> [THE DATA]:

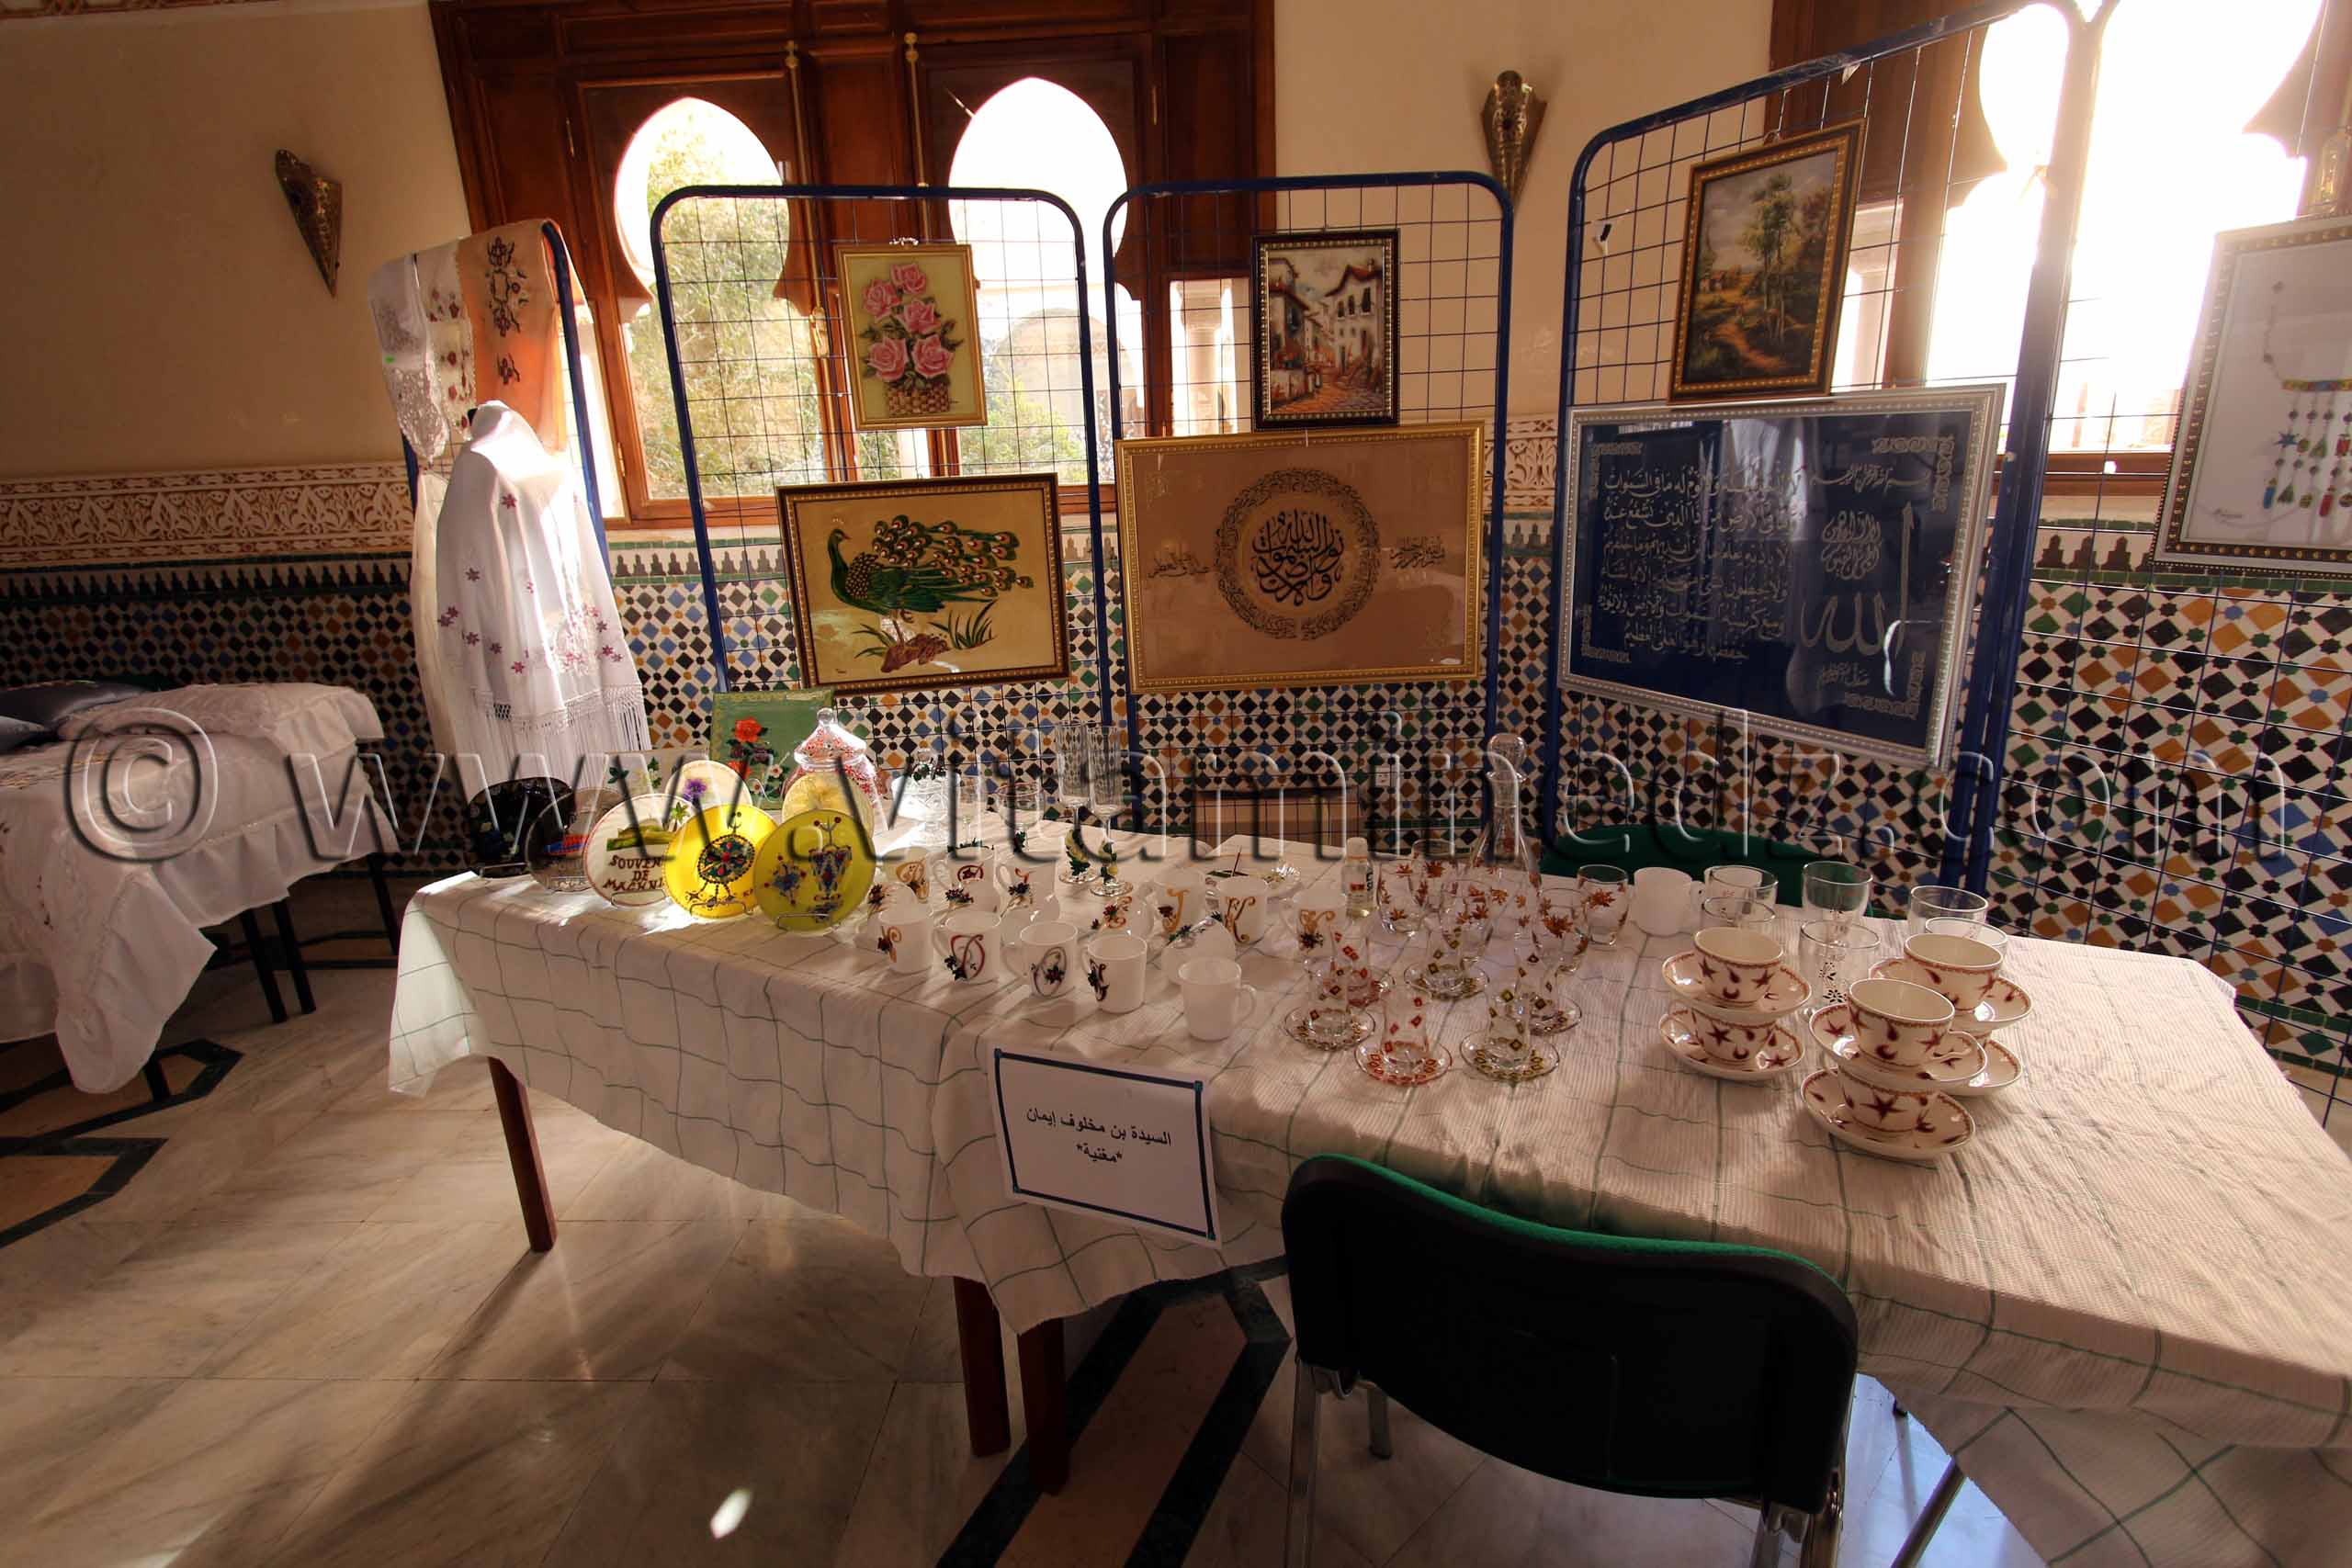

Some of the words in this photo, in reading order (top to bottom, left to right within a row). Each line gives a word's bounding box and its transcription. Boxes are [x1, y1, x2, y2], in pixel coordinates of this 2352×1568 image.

[609, 854, 663, 869] SOUVEN
[632, 870, 650, 883] DE
[1026, 1107, 1057, 1128] إيمان
[1059, 1112, 1105, 1133] مخلوف
[1110, 1122, 1127, 1142] بن
[1131, 1126, 1172, 1147] السيدة

> [ACTIVITY]:
Return each record as written, minus its images.

> [RESPONSE AREA]:
Some of the words in this photo, in reading order (top to bottom, left to right within a row). Each line gives a word's bounding box and its transcription. Boxes are [x1, y1, x2, y2], in pixel coordinates of this 2352×1568 image.

[609, 854, 663, 869] SOUVEN
[632, 870, 650, 883] DE
[1026, 1107, 1057, 1128] إيمان
[1059, 1112, 1105, 1133] مخلوف
[1110, 1122, 1127, 1142] بن
[1131, 1126, 1172, 1147] السيدة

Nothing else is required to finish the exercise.